Top of EXTRACTED RECORDS
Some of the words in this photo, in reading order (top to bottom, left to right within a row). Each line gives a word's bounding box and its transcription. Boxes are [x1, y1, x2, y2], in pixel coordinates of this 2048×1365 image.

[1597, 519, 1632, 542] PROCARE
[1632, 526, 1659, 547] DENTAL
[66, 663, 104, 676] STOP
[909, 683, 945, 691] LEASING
Bottom of EXTRACTED RECORDS
From the first line through the last, repeat the entries exactly.

Some of the words in this photo, in reading order (top to bottom, left to right within a row). Each line gives a word's bounding box and its transcription. Boxes are [x1, y1, x2, y2], in pixel coordinates of this 2048×1365 image.

[1597, 519, 1632, 542] PROCARE
[1632, 526, 1659, 547] DENTAL
[66, 663, 104, 676] STOP
[909, 683, 945, 691] LEASING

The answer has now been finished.